Hey, not sure what you mean by the mushroom on the back edge of the band? Is the back edge actually flared out a bit? I think the blade is 025 but not sure. Wood isn't green its dry Cedar. I was cutting full out rpm on the saw. Should I slow it down a bit? 

Thanks for your time.

Will


----------



## scottr (Sep 3, 2008)

Yes, the mushroom or flaring on the back of the band is caused by the roller behind the band. I've never cut any cedar with my ripsaw so I can't advise on the rpm. Can you measure the thickness of your band with a micrometer?


----------



## parrisw (Sep 3, 2008)

scottr said:


> Yes, the mushroom or flaring on the back of the band is caused by the roller behind the band. I've never cut any cedar with my ripsaw so I can't advise on the rpm. Can you measure the thickness of your band with a micrometer?
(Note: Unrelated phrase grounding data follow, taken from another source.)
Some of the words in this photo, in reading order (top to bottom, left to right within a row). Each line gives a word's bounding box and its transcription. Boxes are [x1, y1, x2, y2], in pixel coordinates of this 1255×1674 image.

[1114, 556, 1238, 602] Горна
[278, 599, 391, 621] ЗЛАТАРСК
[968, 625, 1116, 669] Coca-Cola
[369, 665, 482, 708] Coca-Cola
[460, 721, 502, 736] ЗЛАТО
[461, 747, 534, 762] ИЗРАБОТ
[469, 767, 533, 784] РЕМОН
Yes I can measure it, I'll do it tomorrow.


----------



## parrisw (Sep 5, 2008)

I measured the blade out at .026


----------



## scottr (Sep 5, 2008)

That's the correct thickness. Can you get a fresh log to see if the band will cut true? My guess is that your semi sharp band will cut true in green wood but is marginal in the dry cedar. Have you set the guide blocks per the manual yet?


----------



## parrisw (Sep 6, 2008)

Semi sharp? Its new, should be very sharp? When I set the guide blocks I think I used one piece of paper. Cant remember now. When setting the guide blocks, with one piece of paper, which block do you put the paper in, then where do you set the other guide block first?


----------



## parrisw (Sep 6, 2008)

Also Cedar is very soft, why would it not cut well in that, as apposed to green wood.


----------



## woodshop (Sep 6, 2008)

parrisw said:


> Also Cedar is very soft, why would it not cut well in that, as apposed to green wood.
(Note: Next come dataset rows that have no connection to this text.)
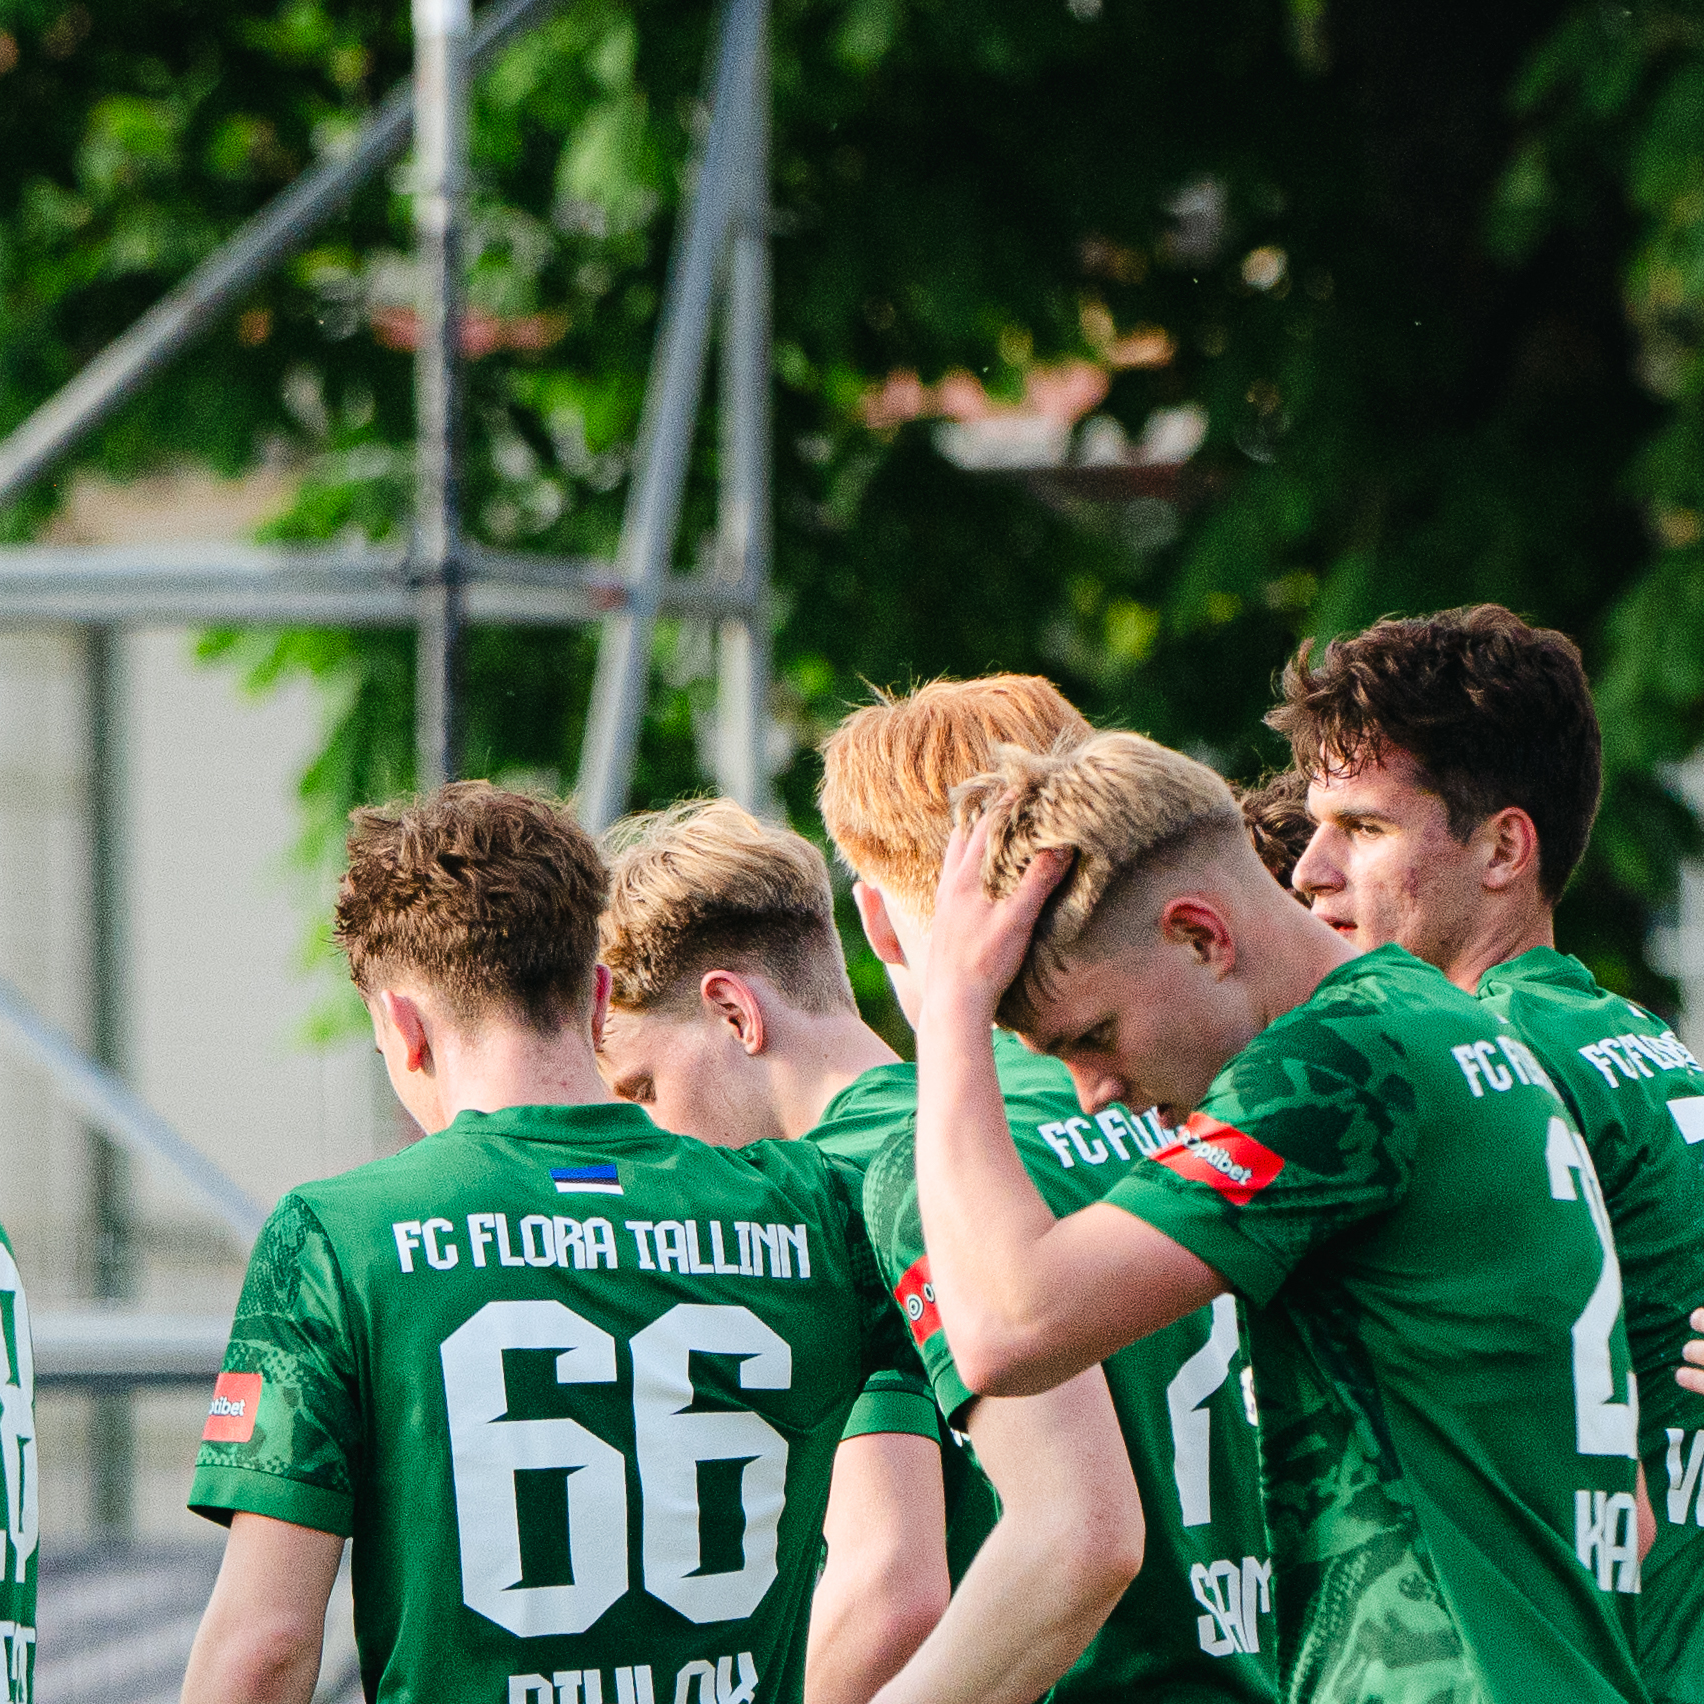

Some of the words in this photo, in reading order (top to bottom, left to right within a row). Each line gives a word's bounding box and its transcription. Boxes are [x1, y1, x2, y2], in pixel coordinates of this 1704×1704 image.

[1451, 1040, 1513, 1097] FC
[1038, 1116, 1108, 1168] FC
[393, 1210, 458, 1273] FC
[467, 1203, 618, 1269] FLORA
[625, 1219, 810, 1278] TALLINN
[440, 1300, 792, 1638] 66
I'm assuming you have enough tension? Of all the things that can screw up a Ripsaw session, that is often the main culprit I've found. Not enough tension and you get wavy cuts and blade wanders all over the place, too much tension and you start to actually pull the saw out of alignment and the blade starts to go off track. In an extreme case (yes I have done this in my haste) if you have way way too much tension it causes the blade to start coming off the wheel to the point where it digs into the aluminum cover. Ya have to really crank it to get to that point though. As the blade starts to get dull and starts to wander, I found if I increase the tension a bit I can stretch a little more life out of it. I've pushed that way too far a few times though. Also, that is hard on the mill so not a good idea to make that a common practice.


----------



## parrisw (Sep 6, 2008)

Dam well how do I know where the right tension is? I hate wasting loads of wood testing? I've done it like the manual said, to the white line.


----------



## woodshop (Sep 6, 2008)

parrisw said:


> Dam well how do I know where the right tension is? I hate wasting loads of wood testing? I've done it like the manual said, to the white line.



Yes, but that white line is found by mechanical means, it's a machine like anything else. All that had to have happened is have that long lever banged out of place at one time, bending that lever and that white line is out of adjustment. Mine had been bent out of place many times over the years and I've had to re-adjust it. Some guys have an actual blade tension meter, but I don't, so here is what I do when I think it needs adjusting. 

1)start with a brand new blade

2)tighten it to where it starts to feel and look tight. Ballpark is after you put a new blade in and before you start to tighten it, turn on the saw and rev it a bit, the blade will not turn since it is not tight enough on wheels. Turn that big tension nut about 2 full turns after the Ripsaw starts to turn the blade. I use a ratchet and socket and turn it one half turn at a time so I can keep track. Make sure the blade is tracking correctly as you do this by peeking in the end of the mill and looking at where it is sitting on the wheel. If when you put the new blade in you set it on the wheel correctly and the saw tracking is set correctly the blade will find its proper track as soon as there is enough tension for it to start to turn. 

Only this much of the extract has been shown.